O rei ouvia atentamente e a rainha com ele, assim que Eliandrin, abriu o frasco e derramou o sangue real em suas mãos, os outros dois bruxos, seguraram nos ombros do parceiro, os olhos de Eliandrin ficaram totalmente negros. O bruxo disse palavras ininteligíveis sussurros que soaram a todos como engasgos e que muitos até mesmo os magos tiveram dificuldade em identificar, era língua rediviva, o sangue escureceu, uniu-se na mão de Elaiandrin como uma massa de pão, o bruxo a modelou amansando comas mãos.
Levou para o rei que ergueu as mãos, e a voz de Elaindrin assumiu um tom baixo, escuro:
- Com o sangue do pei, para o bem do filho, com o rosto do pai.
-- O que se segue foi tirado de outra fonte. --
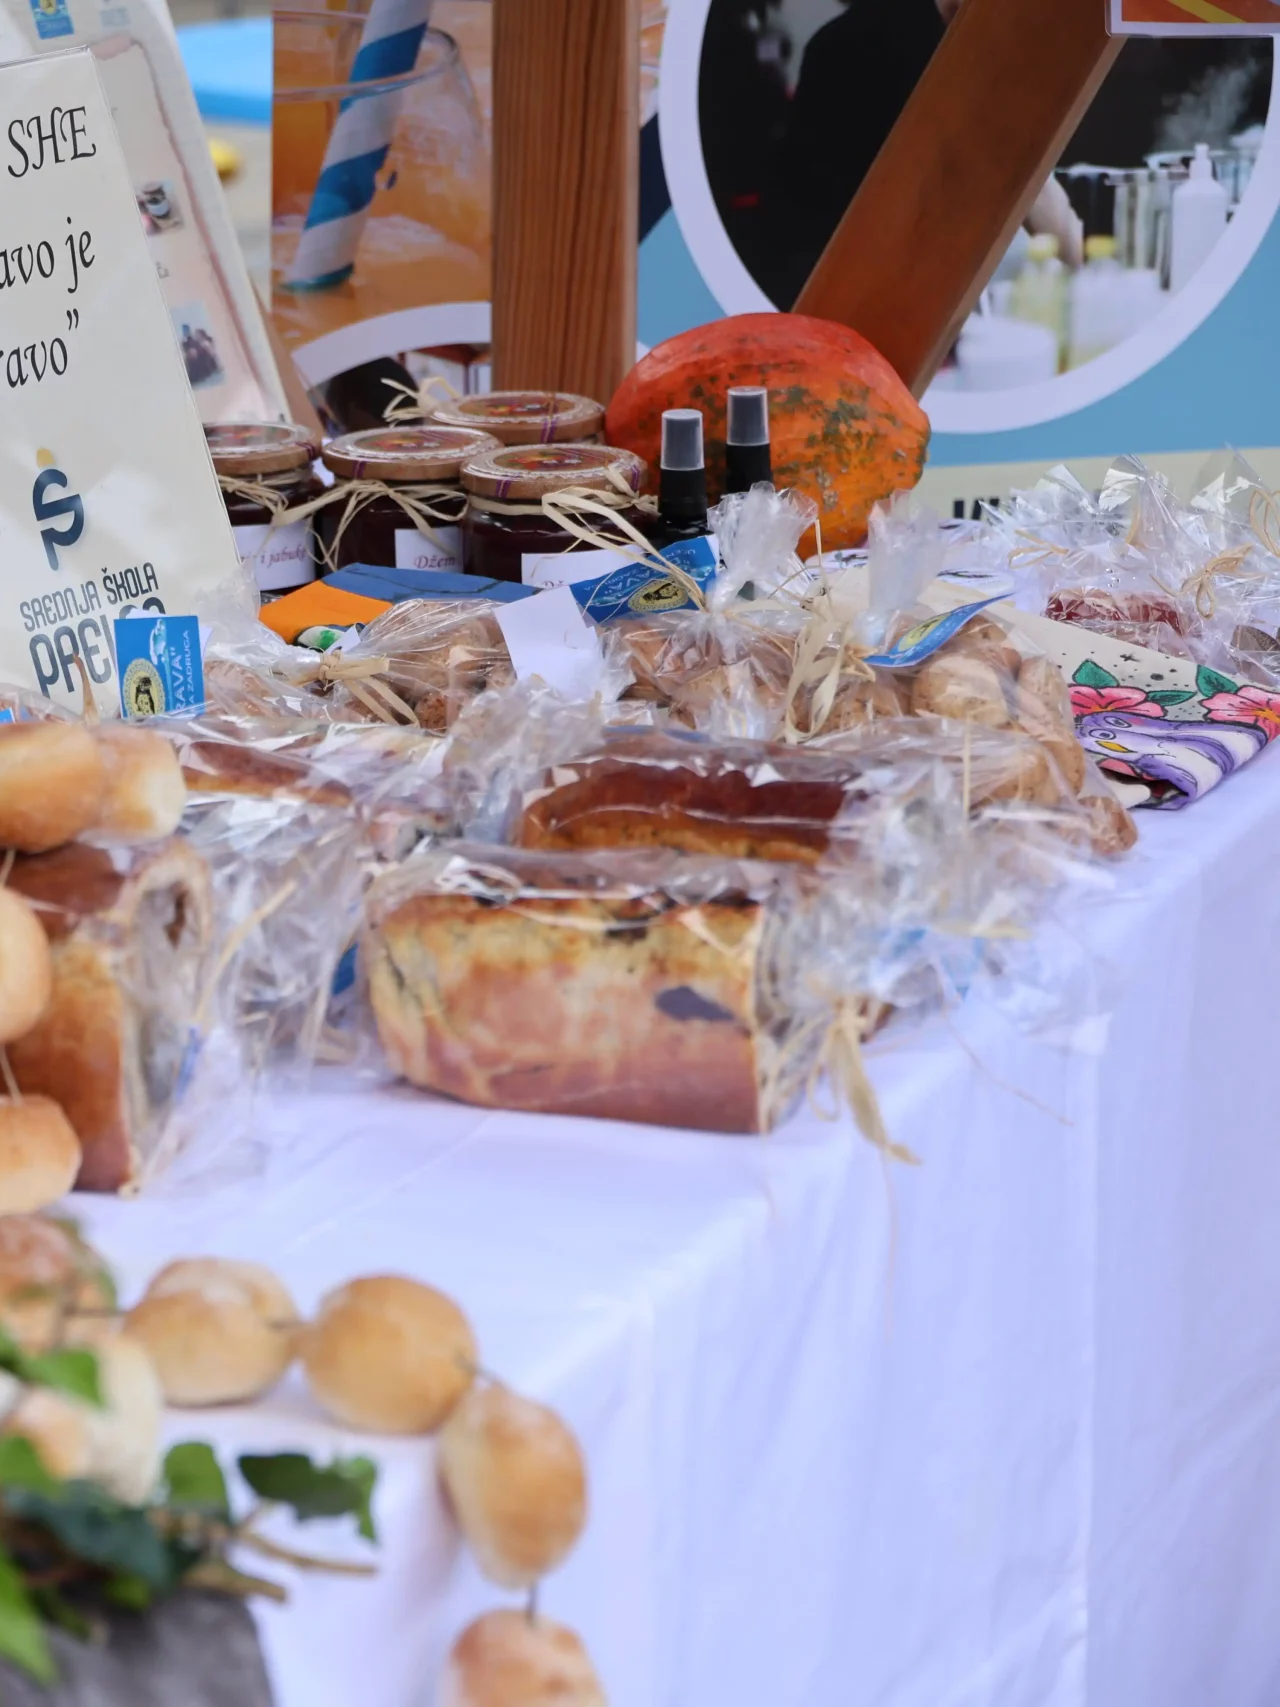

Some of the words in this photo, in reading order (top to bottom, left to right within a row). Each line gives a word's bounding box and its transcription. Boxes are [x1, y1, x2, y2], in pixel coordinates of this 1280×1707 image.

O rei segurou a massa e a encostou no rosto, a massa adensou na sua pele, e diante dos olhos de todos, o rosto do rei morto surgiu por cima do rosto do novo rei. Aos poucos, era como se o próprio morto estivesse ali, em pé diante de todos mas mais novo, pelo menos trinta anos mais novo. Potêntis não sentiu nada além de uma friagem nas bochechas.
- Se tem que ser feito que seja imediatamente, - falou o rei.
Todos levantaram. O rei despediu-se da esposa, e a caminho da colina, Potêntis segurou no antebraço de Eliandrin os dois seguiram mais atrás enquanto os magos e os bruxos brigavam mais a frente. Gabine vinha muito perto do rei e de Eliandrin. O rei inclinou-se para o amigo, e revelou:
- Creio que a magia não funcionará - sorriu de canto - eu amo minha esposa com todas as forças meu amigo, e a magia rediviva pode muito bem…
- Meu rei, para a vossa felicidade espero que não funcione, mas para a alegria do reino funcionará. Esse poder é antigo meu senhor, e inquebrantável, por único que seja o vosso amor pela nossa rainha.
Potêntis permaneceu calado em seus pensamentos esperava por uma libertação. Ele conhecia a história do seu povo e de como o reino cresceu, prosperou, e continuou na sua família por quatro séculos, tudo por causa das profecias. O poder de saber como agir, a muleta que esse poder oferecia, era grande demais para ser recusado.
Gabine olhava estranhamente, de canto de olhos, o ruido dos passos foram aumentando, e se viram diante de um corredor estreito. Dali em diante, apenas os três bruxos e o rei seguiram, Potêntis abraçou a esposa e prometeu que continuaria amando-a para sempre. Potêntis seguiu atrás de Eliandrin, enquanto Telefaithin, e Cortivinus vinham mais ao fundo. No final do corredor, Eliandrin tocou a parede e uma abertura cortou a estrutura do teto até ao chão.
Os outros dois bruxos uniram-se à Eliandrin, e a abertura aumentou mas havia apenas escuridão do outro lado, nada era visível.
- Devo entrar aí? - Potêntis perguntou.
Ele ainda olhou para trás e viu a esposa acenando de longe. Eliandrin afirmou e o rei passou uma perna e depois a cabeça, desaparecendo atrás daquela boca de escuridão fendida na pedra. Apenas quando já encontrava-se ali, percebeu luzes nas paredes, e percebeu as paredes, “como farei para voltar?”. Mas viu adiante uma descida de degraus em caracol, Potêntis olhou em volta, era uma espécie de corredor como o outro mas mais escuro, as paredes negras, e escamosas. O cheiro doce e insinuante o tranquilizava.
Potêntis trazia nas costas uma cesta de vime cheia de frutas e proteínas para o Profeta, como seria aliás? O pai nunca tocava no assunto e ofenda-se quando alguém perguntava alguma coisa. Ele arrancou uma das tochas da parede e seguiu em frente, desceu os degraus em caracol e deu com uma parede vazia diante de si, uma vontade alucinante o dominava, ele queria destruir a parede, movido por esse impulso a chutou.
Potêntis ofegante interrompeu os golpes, encostou a cabeça na parede fria, e desejou estar com o profeta, as mãos deslizaram para dentro, e logo, ele atravessou a parede, diante de um salão pequeno, ao virar-se, saia de um espelho de corpo inteiro. A sala era arrumada mas lembrava mais uma cabana de caçador do que um palácio, e de uma porta aberta entrava um vento frio, impetuoso.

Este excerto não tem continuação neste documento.